§ Saved data entries:
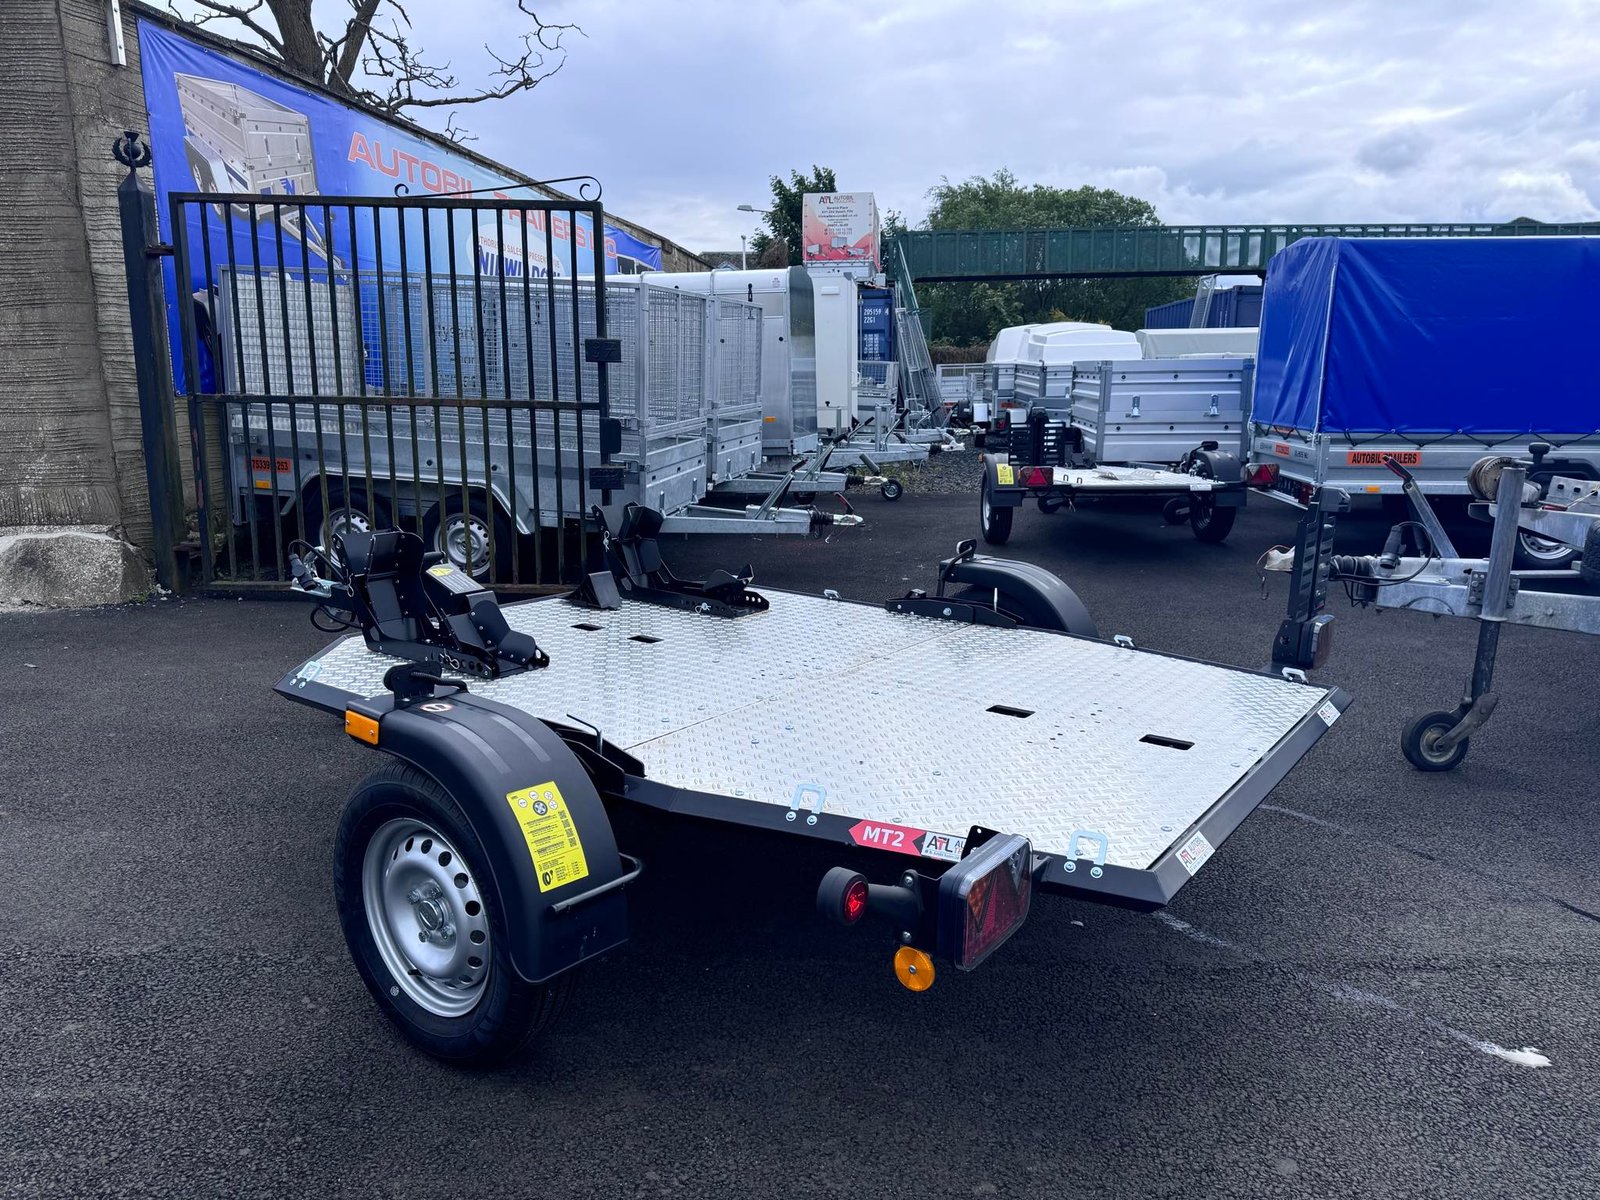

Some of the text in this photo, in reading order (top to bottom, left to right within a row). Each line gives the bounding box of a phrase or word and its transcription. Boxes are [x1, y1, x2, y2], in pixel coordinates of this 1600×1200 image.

[819, 195, 833, 204] ATL
[1351, 453, 1382, 464] AUTOBIL
[862, 825, 905, 847] MT2
[926, 835, 953, 853] ATL
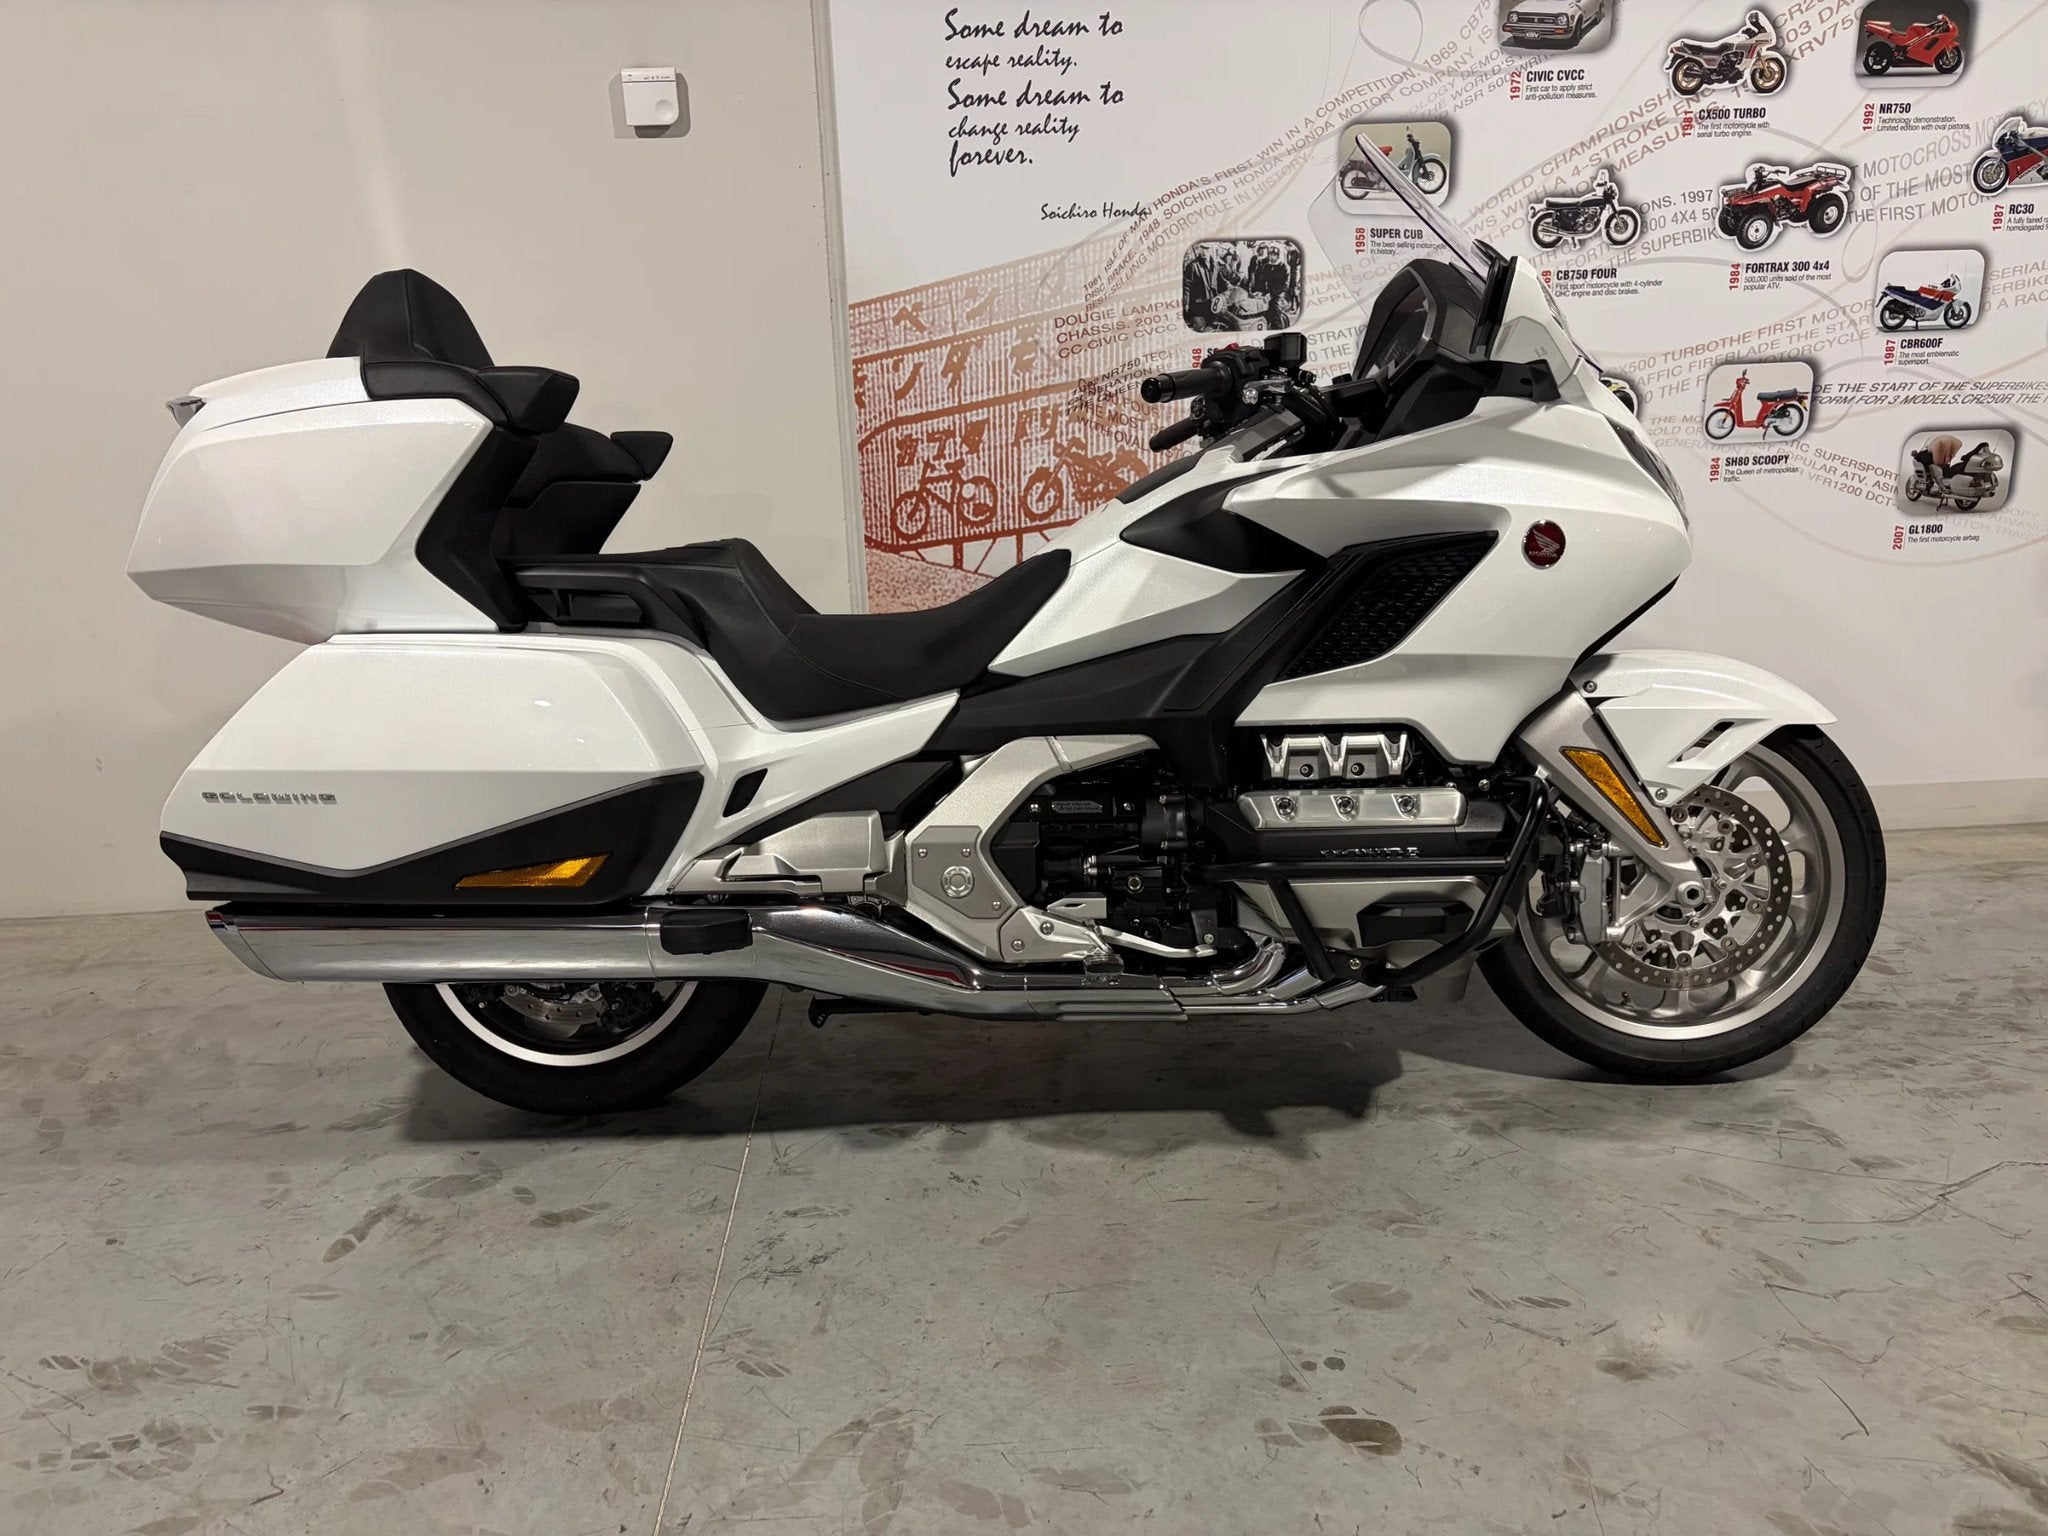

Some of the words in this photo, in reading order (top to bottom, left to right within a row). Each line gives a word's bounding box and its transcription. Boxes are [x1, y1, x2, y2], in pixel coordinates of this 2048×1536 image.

[945, 7, 1005, 41] Some
[1014, 10, 1090, 38] dream
[1098, 11, 1123, 36] to
[946, 53, 1000, 76] escape
[1007, 44, 1078, 75] reality.
[1526, 70, 1554, 82] CIVIC
[1556, 69, 1585, 81] CVCC
[947, 77, 1008, 110] Some
[1016, 79, 1091, 107] dream
[1100, 81, 1124, 105] to
[1510, 71, 1522, 100] 1972
[1559, 85, 1576, 94] apply
[1452, 90, 1484, 112] NSR
[1525, 93, 1566, 101] anti-pollution
[1699, 108, 1730, 120] CX500
[1733, 107, 1766, 119] TURBO
[1863, 103, 1875, 131] 1992
[1879, 103, 1911, 114] NR750
[948, 115, 1008, 145] change
[1015, 113, 1079, 143] reality
[1152, 175, 1211, 210] HONDA'S
[1214, 158, 1254, 182] FIRST
[1256, 138, 1284, 161] WIN
[1285, 125, 1301, 141] IN
[1304, 117, 1315, 129] A
[1315, 67, 1421, 118] COMPETITION.
[1423, 41, 1458, 69] 1969
[1682, 110, 1694, 137] 1981
[1698, 122, 1709, 130] The
[1710, 122, 1721, 130] first
[1723, 122, 1757, 131] motorcycle
[1878, 117, 1912, 125] Technology
[1900, 123, 1920, 131] edition
[1949, 123, 1971, 131] pistons.
[1138, 218, 1160, 244] 1948
[1163, 184, 1227, 221] SOICHIRO
[1233, 156, 1283, 189] HONDA
[1285, 121, 1335, 156] HONDA
[1338, 93, 1394, 121] MOTOR
[1400, 46, 1474, 97] COMPANY
[1554, 175, 1567, 191] A
[1571, 110, 1669, 178] 4-STROKE
[1863, 130, 1972, 179] MOTOCROSS
[949, 139, 1033, 177] forever.
[1860, 185, 1881, 203] OF
[1886, 177, 1919, 200] THE
[1925, 162, 1973, 192] MOST
[1469, 176, 1534, 217] WORLD
[1681, 189, 1713, 204] 1997
[1041, 202, 1097, 220] Soichiro
[1102, 201, 1148, 219] Honda
[1671, 209, 1697, 226] 4X4
[1880, 204, 1926, 221] FIRST
[1993, 205, 2004, 231] 1987
[2008, 204, 2034, 214] RC30
[1147, 198, 1234, 255] MOTORCYCLE
[1235, 190, 1249, 205] IN
[1355, 228, 1365, 255] 1958
[1370, 228, 1400, 239] SUPER
[1403, 229, 1423, 239] CUB
[1382, 241, 1416, 250] best-selling
[1556, 269, 1588, 280] CB750
[1591, 268, 1617, 279] FOUR
[1729, 263, 1741, 290] 1984
[1745, 261, 1789, 274] FORTRAX
[1792, 261, 1810, 272] 300
[1812, 260, 1830, 271] 4x4
[1571, 290, 1591, 298] engine
[1586, 281, 1619, 289] motorcycle
[1744, 283, 1766, 291] popular
[1767, 282, 1781, 290] ATV.
[1054, 309, 1116, 328] DOUGIE
[1056, 320, 1131, 344] CHASSIS.
[1136, 314, 1169, 329] 2001
[1756, 316, 1807, 342] FIRST
[1787, 327, 1820, 346] THE
[1058, 332, 1129, 359] CC.CIVIC
[1133, 323, 1178, 339] CVCC
[1900, 337, 1943, 349] CBR600F
[1325, 343, 1353, 361] THE
[1884, 339, 1896, 365] 1987
[1927, 350, 1960, 358] emblematic
[1101, 357, 1141, 382] NR750
[1658, 380, 1691, 401] THE
[1835, 382, 1865, 393] THE
[1869, 382, 1917, 393] START
[1919, 381, 1940, 391] OF
[1942, 381, 1970, 391] THE
[1854, 395, 1885, 405] FOR
[1885, 395, 1901, 405] 3
[2015, 394, 2043, 404] THE
[1709, 457, 1721, 482] 1984
[1725, 456, 1749, 467] SH80
[1752, 455, 1790, 465] SCOOPY
[1808, 471, 1863, 498] VFR1200
[1839, 470, 1869, 487] ATV.
[1892, 526, 1904, 550] 2007
[1908, 524, 1943, 535] GL1800
[1931, 535, 1961, 543] motorcycle

§ TASK GOAL: Every line of the data above is to be set down word for word, with the pictures left out.

§ THE COMPLETED TASK:
Some of the text in this photo, in reading order (top to bottom, left to right within a row). Each line gives the bounding box of a phrase or word and its transcription. Boxes are [x1, y1, x2, y2], in pixel coordinates of this 1600×1200 image.

[819, 195, 833, 204] ATL
[1351, 453, 1382, 464] AUTOBIL
[862, 825, 905, 847] MT2
[926, 835, 953, 853] ATL

Some of the words in this photo, in reading order (top to bottom, left to right within a row). Each line gives a word's bounding box and its transcription. Boxes are [x1, y1, x2, y2], in pixel coordinates of this 2048×1536 image.

[945, 7, 1005, 41] Some
[1014, 10, 1090, 38] dream
[1098, 11, 1123, 36] to
[946, 53, 1000, 76] escape
[1007, 44, 1078, 75] reality.
[1526, 70, 1554, 82] CIVIC
[1556, 69, 1585, 81] CVCC
[947, 77, 1008, 110] Some
[1016, 79, 1091, 107] dream
[1100, 81, 1124, 105] to
[1510, 71, 1522, 100] 1972
[1559, 85, 1576, 94] apply
[1452, 90, 1484, 112] NSR
[1525, 93, 1566, 101] anti-pollution
[1699, 108, 1730, 120] CX500
[1733, 107, 1766, 119] TURBO
[1863, 103, 1875, 131] 1992
[1879, 103, 1911, 114] NR750
[948, 115, 1008, 145] change
[1015, 113, 1079, 143] reality
[1152, 175, 1211, 210] HONDA'S
[1214, 158, 1254, 182] FIRST
[1256, 138, 1284, 161] WIN
[1285, 125, 1301, 141] IN
[1304, 117, 1315, 129] A
[1315, 67, 1421, 118] COMPETITION.
[1423, 41, 1458, 69] 1969
[1682, 110, 1694, 137] 1981
[1698, 122, 1709, 130] The
[1710, 122, 1721, 130] first
[1723, 122, 1757, 131] motorcycle
[1878, 117, 1912, 125] Technology
[1900, 123, 1920, 131] edition
[1949, 123, 1971, 131] pistons.
[1138, 218, 1160, 244] 1948
[1163, 184, 1227, 221] SOICHIRO
[1233, 156, 1283, 189] HONDA
[1285, 121, 1335, 156] HONDA
[1338, 93, 1394, 121] MOTOR
[1400, 46, 1474, 97] COMPANY
[1554, 175, 1567, 191] A
[1571, 110, 1669, 178] 4-STROKE
[1863, 130, 1972, 179] MOTOCROSS
[949, 139, 1033, 177] forever.
[1860, 185, 1881, 203] OF
[1886, 177, 1919, 200] THE
[1925, 162, 1973, 192] MOST
[1469, 176, 1534, 217] WORLD
[1681, 189, 1713, 204] 1997
[1041, 202, 1097, 220] Soichiro
[1102, 201, 1148, 219] Honda
[1671, 209, 1697, 226] 4X4
[1880, 204, 1926, 221] FIRST
[1993, 205, 2004, 231] 1987
[2008, 204, 2034, 214] RC30
[1147, 198, 1234, 255] MOTORCYCLE
[1235, 190, 1249, 205] IN
[1355, 228, 1365, 255] 1958
[1370, 228, 1400, 239] SUPER
[1403, 229, 1423, 239] CUB
[1382, 241, 1416, 250] best-selling
[1556, 269, 1588, 280] CB750
[1591, 268, 1617, 279] FOUR
[1729, 263, 1741, 290] 1984
[1745, 261, 1789, 274] FORTRAX
[1792, 261, 1810, 272] 300
[1812, 260, 1830, 271] 4x4
[1571, 290, 1591, 298] engine
[1586, 281, 1619, 289] motorcycle
[1744, 283, 1766, 291] popular
[1767, 282, 1781, 290] ATV.
[1054, 309, 1116, 328] DOUGIE
[1056, 320, 1131, 344] CHASSIS.
[1136, 314, 1169, 329] 2001
[1756, 316, 1807, 342] FIRST
[1787, 327, 1820, 346] THE
[1058, 332, 1129, 359] CC.CIVIC
[1133, 323, 1178, 339] CVCC
[1900, 337, 1943, 349] CBR600F
[1325, 343, 1353, 361] THE
[1884, 339, 1896, 365] 1987
[1927, 350, 1960, 358] emblematic
[1101, 357, 1141, 382] NR750
[1658, 380, 1691, 401] THE
[1835, 382, 1865, 393] THE
[1869, 382, 1917, 393] START
[1919, 381, 1940, 391] OF
[1942, 381, 1970, 391] THE
[1854, 395, 1885, 405] FOR
[1885, 395, 1901, 405] 3
[2015, 394, 2043, 404] THE
[1709, 457, 1721, 482] 1984
[1725, 456, 1749, 467] SH80
[1752, 455, 1790, 465] SCOOPY
[1808, 471, 1863, 498] VFR1200
[1839, 470, 1869, 487] ATV.
[1892, 526, 1904, 550] 2007
[1908, 524, 1943, 535] GL1800
[1931, 535, 1961, 543] motorcycle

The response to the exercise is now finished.